The reason why I think it should be on an interval as well is because of something like this. We have the same user from before. He can only fit three videos due to the 10 gb limit. He asks the storage lead to give him more and the storage lead gives him more storage space to work with. This could for example happen to hundreds of different people at a bunch of different times during the day. This way, we can check for storage every (say) 2 hours and upload as many videos as storage allows.
So the whole process would be: download assets for one video from YT to Amazon S3, publish that video to Joystream with the correct transactions and upload assets from S3 to Joystream, delete that video from S3 and start downloading the next video. This process would go on as long storage allows.
The only thing I'm wondering about in this case is if a user wants to upload a new video but can't because the synching service keeps filling up the storage with videos from youtube?
3. (5) Wrt to the last one, I'm not sure I quite understood this part?
To recap and add a little more info the main /user
[POST] endpoint:
After learning some new things, I've decided to change up my current approach a little when it comes to the architecture. With the approach described before, we would essentially host our own server on aws infrastructure to run 24/7, very similarly to how one would with a traditional approach. This is not very aligned with the pay-as-you-go/use promise that cloud usually affords us. It also comes with some other unnecessary complexities that this new approach would abstract for us.
The new idea is to use AWS Lambda. This is essentially "Functions as a service" where one only pays for functionality one actually uses. It will also be substantially easier to implement as a lot of the configuration and general complexities that come with building a rest api from scratch are done by aws for us. The idea is to (most probably) have 3 lambda functions and put 1 of them behind an api gateway trigger (think, regular api) and have 2 of them be triggered on a timer.
I've also taken a look at the code at lbryio/yt-synch (which essentially does the same thing that we're trying to do here) and have been able to get some takeaways here as well:
We don't really need Amazon S3 (storage) at all as I've initially imagined but that does come with some caveats. LBRY/yt-synch downloads a video from youtube, keeps it in memory and uploads it to their platform all as a part of one process. I was initially planning on doing the same thing but am not 100% sure how that is going to work with Lambdas as these functions have a max timeout of 15 minutes and 10GB of allowed memory usage. From my POV, I think this shouldn't be a bottleneck, but if that turns out to be the case then we should probably revert to the previous approach.
The way they synch is that they add videos to a queue and assign them to workers (which enables concurrency [but for them by default max worker number is 1 though..]).

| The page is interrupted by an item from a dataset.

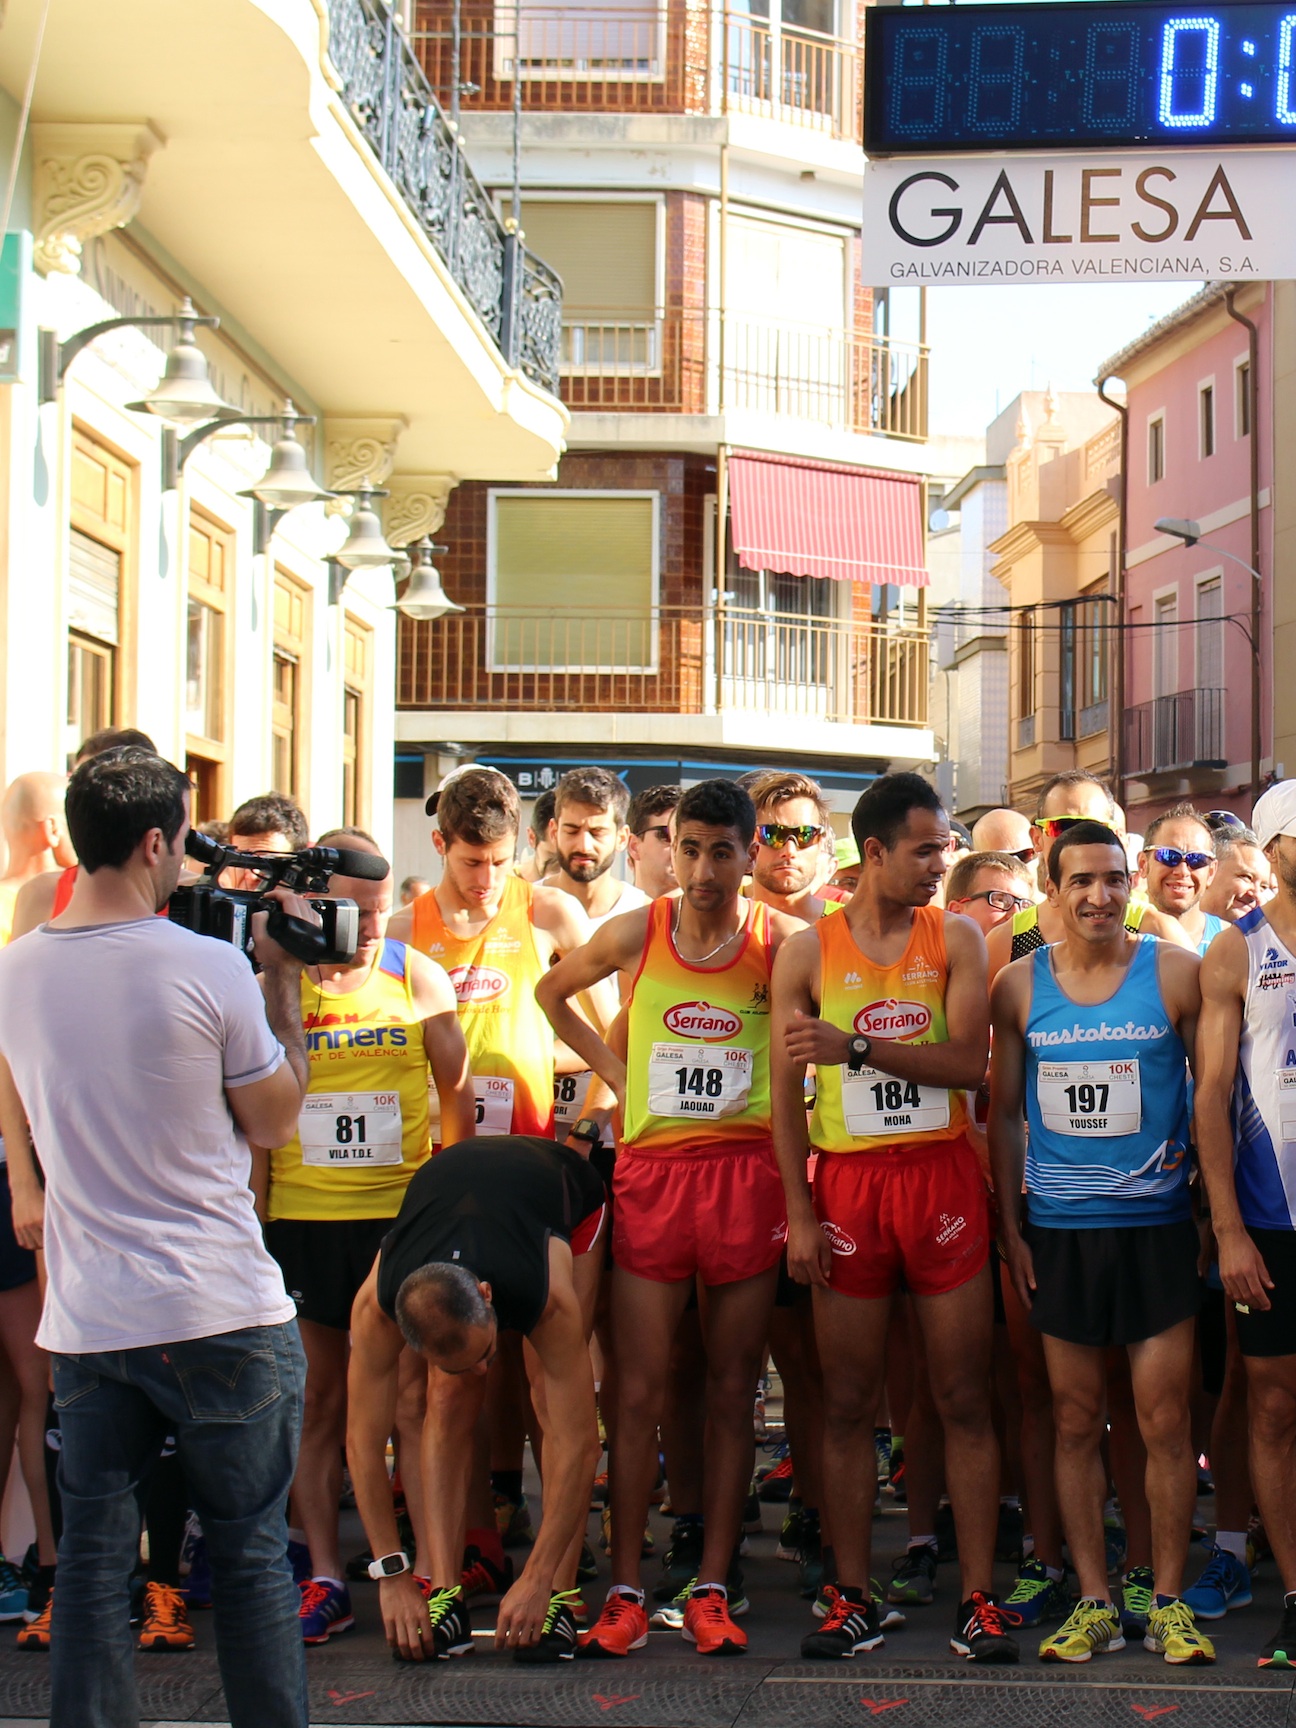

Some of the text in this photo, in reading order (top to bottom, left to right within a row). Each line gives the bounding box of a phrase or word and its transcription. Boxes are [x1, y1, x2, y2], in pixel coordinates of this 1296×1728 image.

With our current approach, this shouldn't really present a problem as we can run 3000 (possibly more) concurrent lambda function executions. If this doesn't work out for us, we would probably need to either completely revert to the previous approach or some hybrid between the two.
The reason behind me wanting to use Lambda functions as much despite some of the possible problems we may have is due to the speed and scope at which we should be able to process all this data. After trying to synch my youtube channel on odysee.com, being greeted by "Please check back later. This may take up to 1 week." does not inspire faith. I may be missing something and this may be an unavoidable fact one needs to face when working on something like this but I'd like to cross that bridge when I get there.
I think the best course for now would be to start working based on all of this information and then adapt the implementation as necessary and as the situation warrants.
We don't really need Amazon S3 (storage) at all as I've initially imagined but that does come with some caveats. LBRY/yt-synch downloads a video from youtube, keeps it in memory and uploads it to their platform all as a part of one process.
This would be awesome if true, saves a lot of extra pain. Less state, less pain.
The reason behind me wanting to use Lambda functions as much despite some of the possible problems we may have
What problems will Lambdas possibly cause?
Will Lambdas bind us to AWS? I don't love that :(
What problems will Lambdas possibly cause? Will Lambdas bind us to AWS? I don't love that :(
It wouldn't really bind us to AWS at all as it would essentially just be functions called just as if one extracted them from a node.js server meaning it would also be just as easy to just implement/put them back. That being said, Lambdas indeed don't seem to be the right tool for the job. The 15 min timeouts and 10 GB max memory usage for example would make us resort to making a lot of requests concurrently which would not only drive up the price but also, if under a lot of load, probably result in problems with being able to deal with all of it. This type of task is indeed much more suited to a synchronous approach.
Update on processing:
Due to my "recent" finding that dynamoDB doesn't allow more than 400kb per one put call (this can be worked around) I came to wondering something. Hope you @bedeho can shine some light on it:
400kb with the current data I store seems to be above 550 videos. Is it even realistic to assume that we want to synch this many videos considering the 10GB limit. So in that light, do we want to limit this number somehow?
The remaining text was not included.